## Exercise brief
Before you return the entries below, strip out the pictures and keep all else exact.

** Dataset records follows **

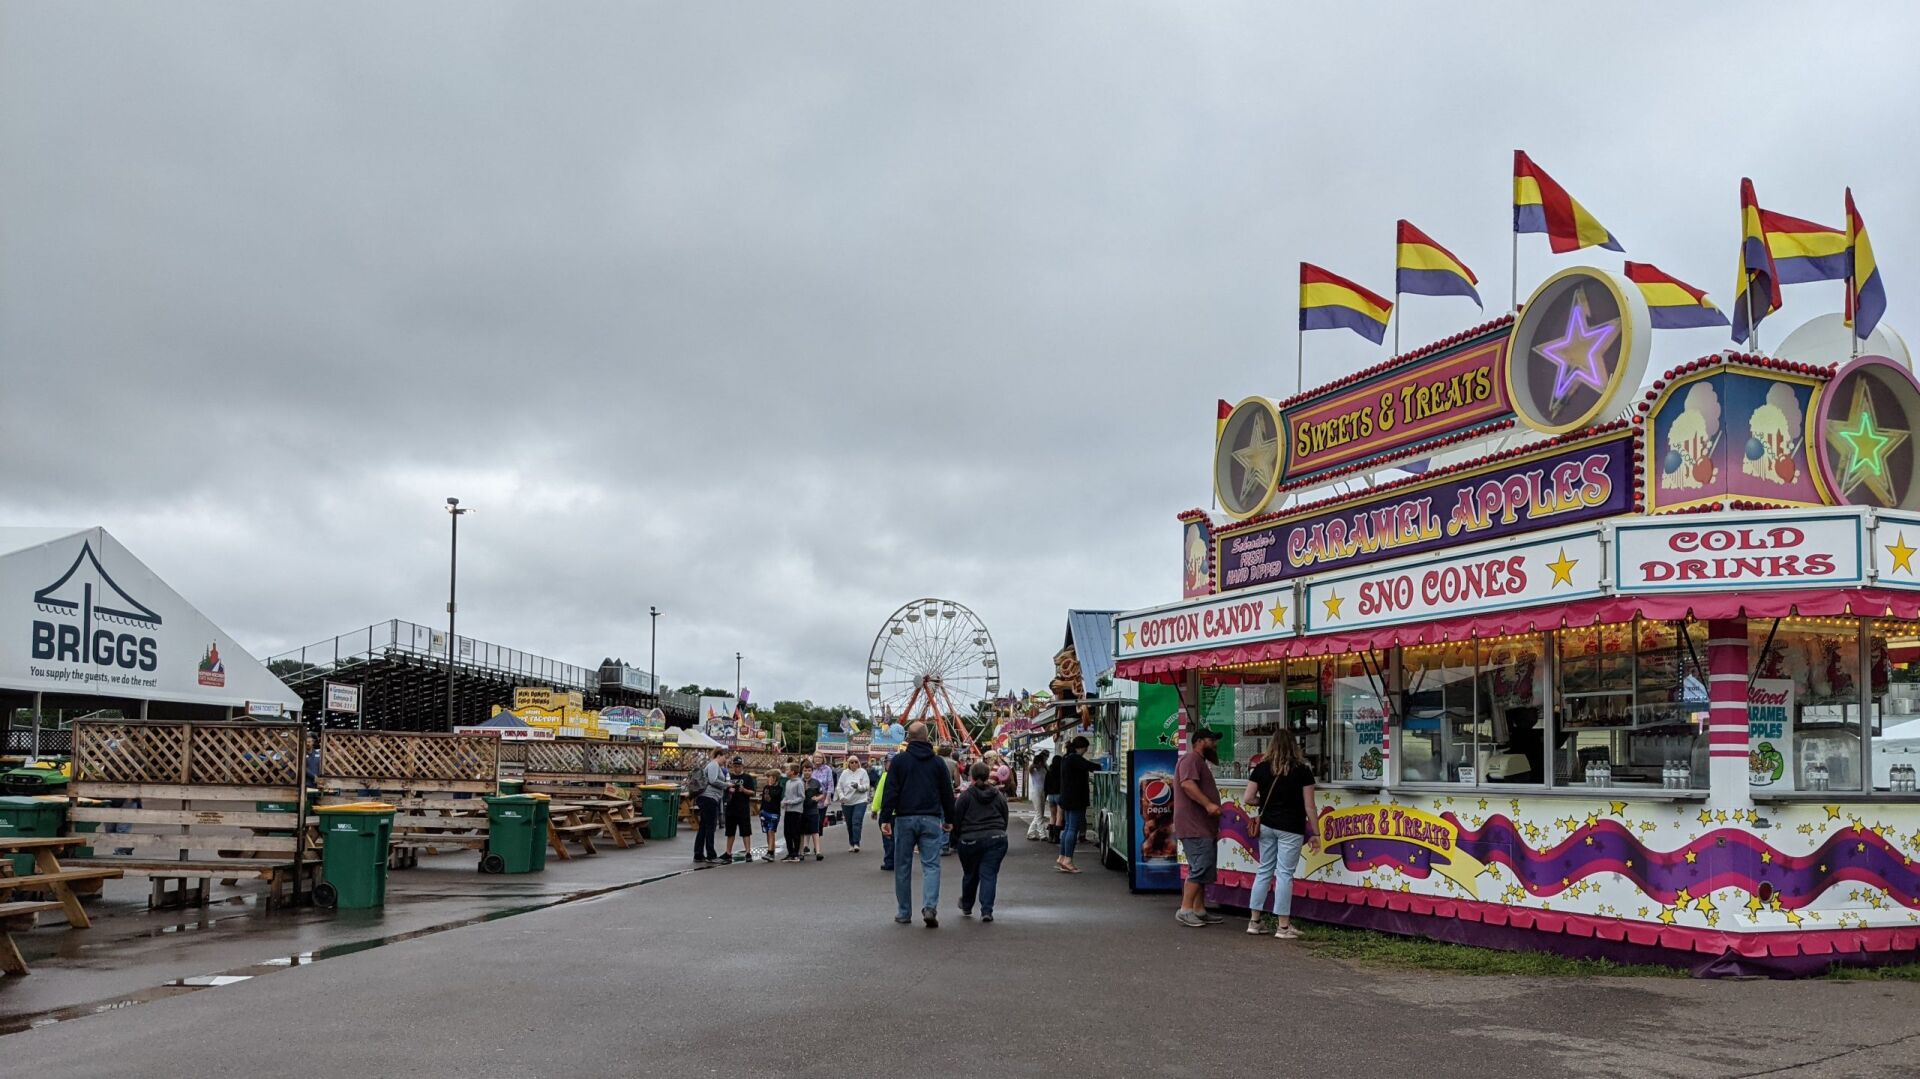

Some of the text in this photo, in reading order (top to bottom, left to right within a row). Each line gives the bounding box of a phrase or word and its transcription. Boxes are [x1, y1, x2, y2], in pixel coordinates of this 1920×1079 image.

[1297, 366, 1492, 458] SWEETS & TREATS
[1287, 454, 1612, 567] CARAMEL APPLES
[1668, 527, 1805, 553] COLD
[1240, 547, 1266, 567] FRESH
[1639, 553, 1836, 582] DRINKS
[1226, 560, 1282, 585] HAND DIPPED
[1358, 555, 1527, 615] SNO CONES
[1140, 600, 1264, 648] COTTON CANDY
[32, 619, 157, 671] BRIGGS
[30, 666, 158, 687] You supply the guests, we do the rest!
[1355, 719, 1384, 733] CARAM
[1749, 706, 1788, 722] RAMEL
[1359, 732, 1384, 745] APPLE
[1749, 723, 1783, 739] PPLES
[1147, 806, 1172, 816] pepsi
[1324, 808, 1450, 850] SWEETS & TREATS
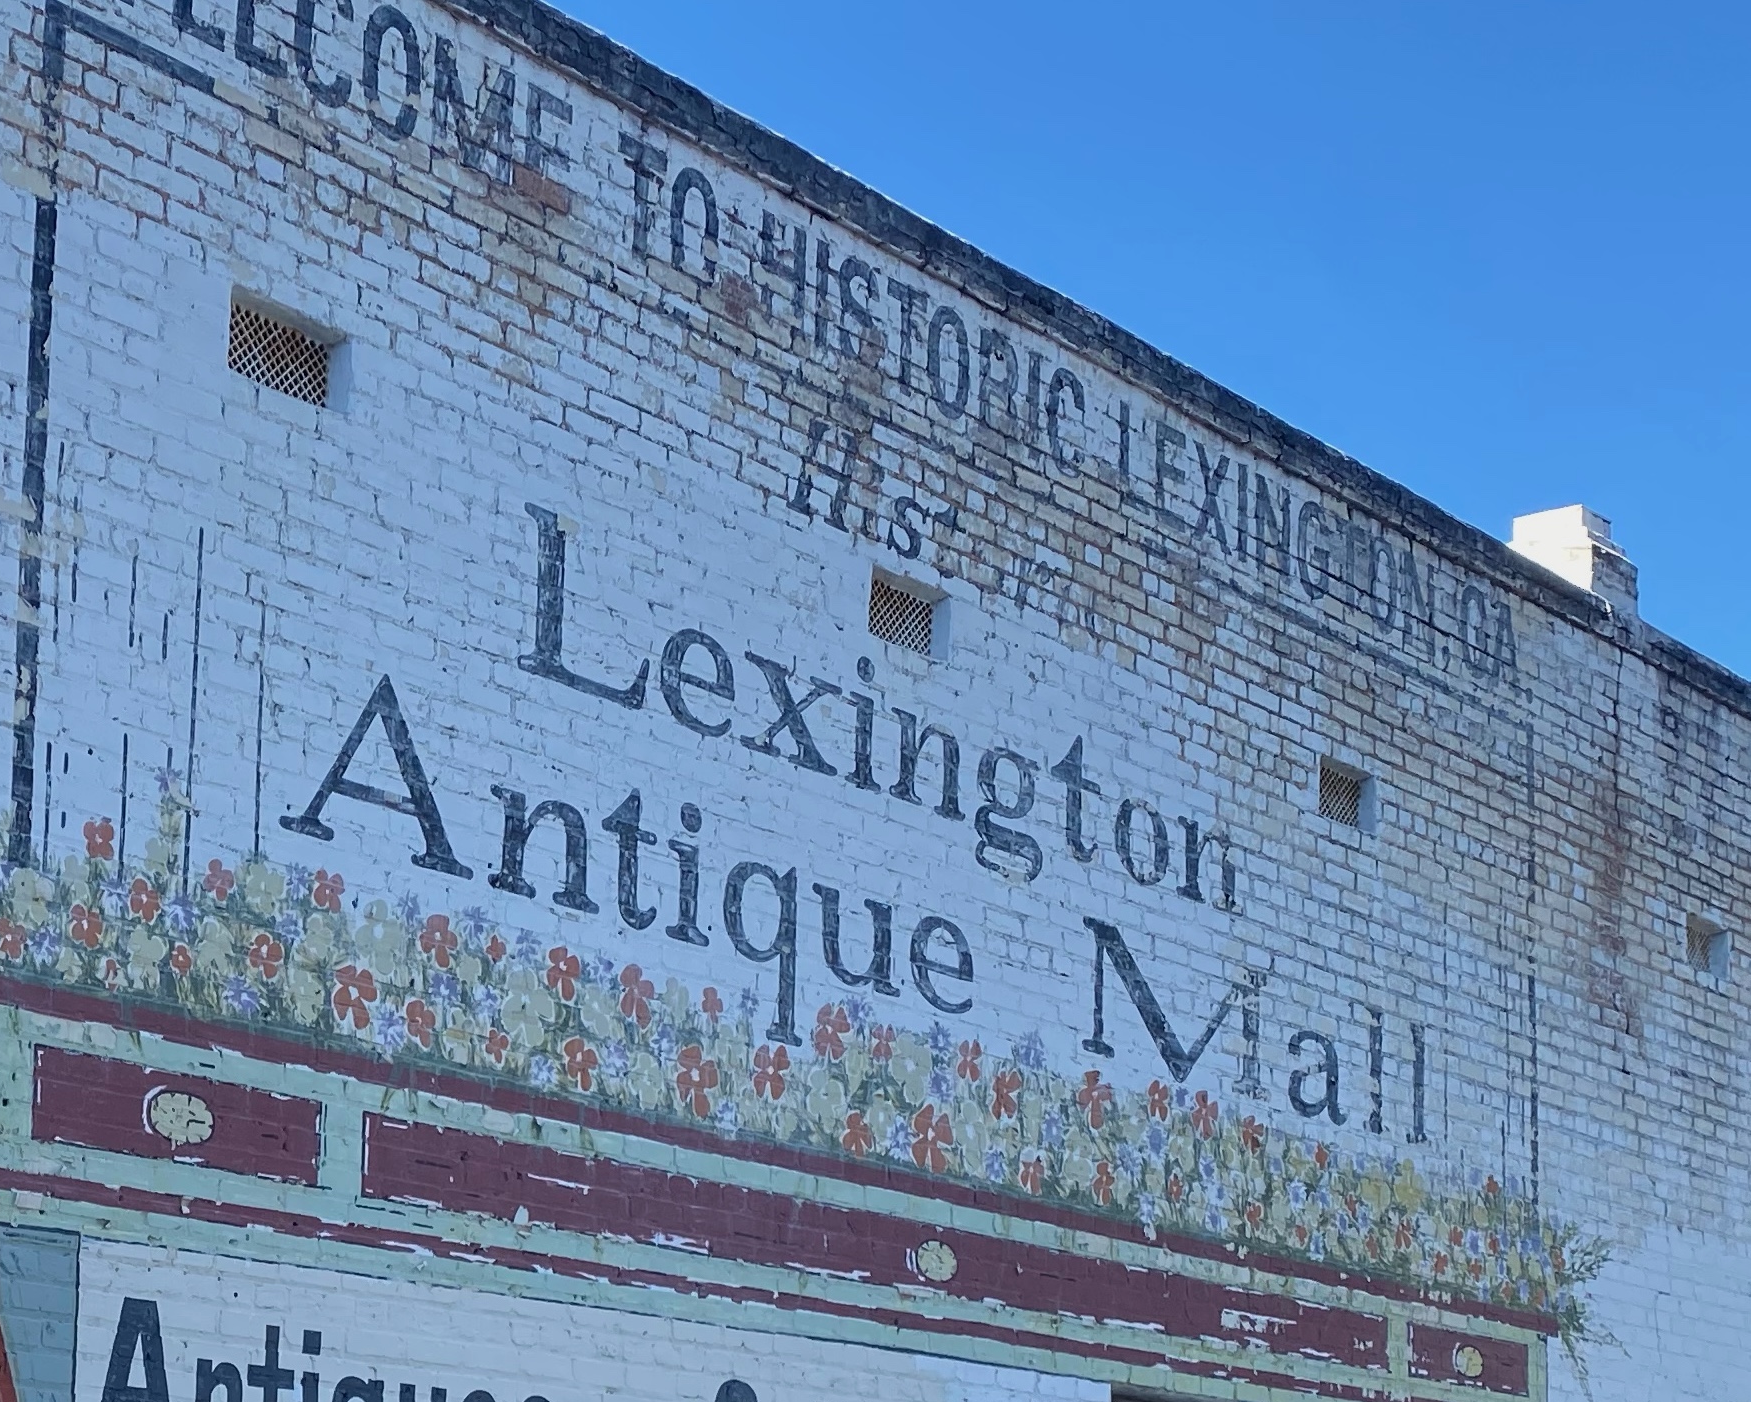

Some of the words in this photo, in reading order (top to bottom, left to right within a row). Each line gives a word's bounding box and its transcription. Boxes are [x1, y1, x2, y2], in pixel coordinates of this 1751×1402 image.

[617, 131, 721, 288] TO
[761, 208, 1086, 479] HISTORIC
[279, 674, 975, 1046] Antique
[1083, 916, 1427, 1143] Mall
[517, 501, 1241, 912] Lexington

** End of Dataset records **

## Your solution
Some of the text in this photo, in reading order (top to bottom, left to right within a row). Each line gives the bounding box of a phrase or word and its transcription. Boxes are [x1, y1, x2, y2], in pixel coordinates of this 1920×1079 image.

[1297, 366, 1492, 458] SWEETS & TREATS
[1287, 454, 1612, 567] CARAMEL APPLES
[1668, 527, 1805, 553] COLD
[1240, 547, 1266, 567] FRESH
[1639, 553, 1836, 582] DRINKS
[1226, 560, 1282, 585] HAND DIPPED
[1358, 555, 1527, 615] SNO CONES
[1140, 600, 1264, 648] COTTON CANDY
[32, 619, 157, 671] BRIGGS
[30, 666, 158, 687] You supply the guests, we do the rest!
[1355, 719, 1384, 733] CARAM
[1749, 706, 1788, 722] RAMEL
[1359, 732, 1384, 745] APPLE
[1749, 723, 1783, 739] PPLES
[1147, 806, 1172, 816] pepsi
[1324, 808, 1450, 850] SWEETS & TREATS

Some of the words in this photo, in reading order (top to bottom, left to right within a row). Each line gives a word's bounding box and its transcription. Boxes are [x1, y1, x2, y2], in pixel coordinates of this 1751×1402 image.

[617, 131, 721, 288] TO
[761, 208, 1086, 479] HISTORIC
[279, 674, 975, 1046] Antique
[1083, 916, 1427, 1143] Mall
[517, 501, 1241, 912] Lexington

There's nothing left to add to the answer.